Автор книги: Зина Гимпелевич
Жанры:
Биографии и мемуары
,сообщить о нарушении
Текущая страница: 24 (всего у книги 30 страниц)
Притча пришла в европейскую цивилизацию через Средиземноморье, сначала через Старый, а потом и Новый Завет: древние пророки (Старый Завет), а следом и новозаветные Христос и апостолы часто изъяснялись притчами. Так, древнее проповедническое искусство раввинов (учителей) было блестяще продолжено Иисусом и его последователями.
Этот жанр любили Сократ и Аристотель, но не только они: греческие и римские философы, ораторы, политики в свое время использовали притчу в качестве и литературного жанра, и политической (часто ораторской) формы воздействия на людей. Притча – это обычно короткий рассказ или даже анекдот, где описывается явление, из которого можно вынести религиозное или нравственное поучение. Из этого вытекают два основных типа притчи – назовем их «религиозная» и «нравственная». Первый тип – в таком виде, в каком он нам знаком по Новому Завету, – превалирует над вторым, который мы можем определить как «классическую» притчу, которая вышла из литературы и обслуживает большей частью атеистов и агностиков. Трактовка первичного зла – основное отличие между двумя типами притчи, религиозной и светской. Добрый христианин, например, не посмеет задать «праздный» вопрос о происхождении зла в мире, так как он должен знать ответ в полном соответствии с канонами той конфессии, к которой он принадлежит. Так, принимая двойственность концепта добра и зла, многие христиане убеждены в конечной победе добра над злом. Те же люди, которые выросли вне лона христианской церкви, часто не согласны с ее постулатами как о происхождении зла, так и о его обязательном, конечном поражении в борьбе с добром.
В конце XIX столетия религиозная и нравственная притчи делились на три вида. Первый вид – подобие, сходство – самый сжатый вид притчи, который по размеру напоминал или анекдот, или краткий рассказ: каждый понимал соотнесенность морали такой притчи с каким-либо бытовым явлением. Второй вид назывался «актуальной притчей» и по размеру походил на обыкновенный рассказ. Сюжет такой притчи основывался на придуманном событии, которое кажется правдоподобным. Третий вид определялся как «притча примера», что вытекало из намерения автора или рассказчика/проповедника выделить определенное событие в качестве хорошего примера или образца для поведения. Этим качеством последний вид значительно отличается от первых двух, которые построены не на выделении предмета, а на аналогии.
Василь Быков использует все три вида притч.

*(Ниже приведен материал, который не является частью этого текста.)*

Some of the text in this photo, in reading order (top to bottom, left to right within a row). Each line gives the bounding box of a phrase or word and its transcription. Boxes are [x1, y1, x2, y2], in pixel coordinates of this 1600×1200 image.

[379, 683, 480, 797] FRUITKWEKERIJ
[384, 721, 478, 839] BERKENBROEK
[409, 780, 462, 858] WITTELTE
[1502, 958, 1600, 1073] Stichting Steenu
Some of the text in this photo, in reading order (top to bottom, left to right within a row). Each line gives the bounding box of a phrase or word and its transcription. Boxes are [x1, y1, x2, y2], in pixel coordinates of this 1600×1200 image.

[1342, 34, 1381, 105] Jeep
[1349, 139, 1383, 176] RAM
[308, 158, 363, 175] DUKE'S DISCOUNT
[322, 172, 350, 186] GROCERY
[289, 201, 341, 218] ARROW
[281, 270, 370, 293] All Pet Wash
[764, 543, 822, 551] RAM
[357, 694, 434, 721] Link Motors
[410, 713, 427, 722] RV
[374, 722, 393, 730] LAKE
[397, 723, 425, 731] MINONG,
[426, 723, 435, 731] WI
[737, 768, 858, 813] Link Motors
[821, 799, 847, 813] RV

Так что же это за притчи? Несмотря на то что в числе их героев есть не только люди, но и представители животного мира, а также на то, что действие их происходит часто в неведомых странах, а то и на неизвестных островах, – читатель безошибочно соотносит их содержание не только с вечными и общечеловеческими проблемами, но и с тем, что происходит в сегодняшней Беларуси, из которой писатель оказался фактически изгнан.
В них – боль, понимание, мудрость и бессилие что-либо сделать.

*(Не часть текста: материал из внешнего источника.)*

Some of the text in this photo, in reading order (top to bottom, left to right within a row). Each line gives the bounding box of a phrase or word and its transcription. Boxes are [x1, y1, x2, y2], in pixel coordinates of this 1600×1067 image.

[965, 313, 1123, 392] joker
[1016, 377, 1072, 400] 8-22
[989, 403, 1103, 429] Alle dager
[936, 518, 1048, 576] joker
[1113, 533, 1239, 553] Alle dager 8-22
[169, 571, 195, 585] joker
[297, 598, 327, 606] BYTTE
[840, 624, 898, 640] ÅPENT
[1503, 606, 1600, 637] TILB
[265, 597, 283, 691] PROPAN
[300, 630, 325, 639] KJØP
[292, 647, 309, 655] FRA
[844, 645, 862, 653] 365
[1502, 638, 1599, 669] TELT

Только – наставить. Показать, что не так, и объяснить почему. Предостеречь. Выход?.. Советские функционеры всех мастей обожали твердить, что критика должна быть конструктивной. То есть требовали показать выход там, где – и они это прекрасно сознавали – его никак не может быть. Вернее, он был, но, чтобы им воспользоваться, требовалось поменять или систему, или, как тогда говорили, «человеческий материал».
Система считалась незыблемой и сколоченной на века. «Человеческий материал» и так был покорежен донельзя: революцией, Гражданской войной, коллективизацией, террором и т. п. На языке 30-х годов это называлось «перековка». Под разными именами, насильственными методами или путем тотального охмурения народных масс продолжалась она и дальше.
Отчасти перековавшись, отчасти подчиняясь традициям и опасаясь перемен, население бывшего СССР не торопилось приветствовать реформы. Это касалось не только Республики Беларусь, но в Беларуси откат к прежнему оказался одним из самых стремительных.
Фактически белорусы сами на себя нацепили ярмо диктатуры.
Смириться с этим нелегко. Отсюда – горечь быковских притч.
Диктатура – и люди. Страх, глупость, терпеливость, алчность, покорность, стадность, предрассудки, неспособность заглянуть в завтрашний день – вокруг всего этого и строятся сюжеты притч Быкова.
Вот некоторые из них. Самая первая – «Стая уток». Старый утиный вожак готовит свою стаю к перелету на юг. Накануне дня перелета его стая, у которой еды было немного и летом, нашла отходы индустриального предприятия, которые спускались к ним в заводь, и стала с удовольствием ими питаться. Очень скоро все утки отказались следовать за вожаком, решив перезимовать дома, так как отходы им понравились, да и не хотелось отправляться в опасную дорогу. Вожак, стараясь их убедить, предсказал гибель всей стае, которая вскоре и произошла. Мораль этой притчи проста: даже мудрый лидер не может уберечь свой народ от гибели, если он не в состоянии убедить его в своей правоте и народ не готов к горькой правде его слова.
«Кошка и мышка». Это вторая притча, очень короткая, всего три странички, и по форме она соответствует первому типу жанра – подобие, сходство. Это история молодой мыши, которая достаточно наивна, чтобы верить в существование «хороших» котов. Аллегория «кошка и мышка», безусловно, раскрывает историю белорусской интеллигенции (мышка). Она верит в возможность свободы и справедливости или даже в собственное везение, а также в возможность выжить в условиях, в которые попала при диктатуре тирана (кошка). Конечно, кошка, наигравшись с мышкой, съедает ее. Мораль этой истории тоже проста: кошка – заклятый враг мышки, и, попав однажды в ее когти, мышке оттуда уже не выбраться.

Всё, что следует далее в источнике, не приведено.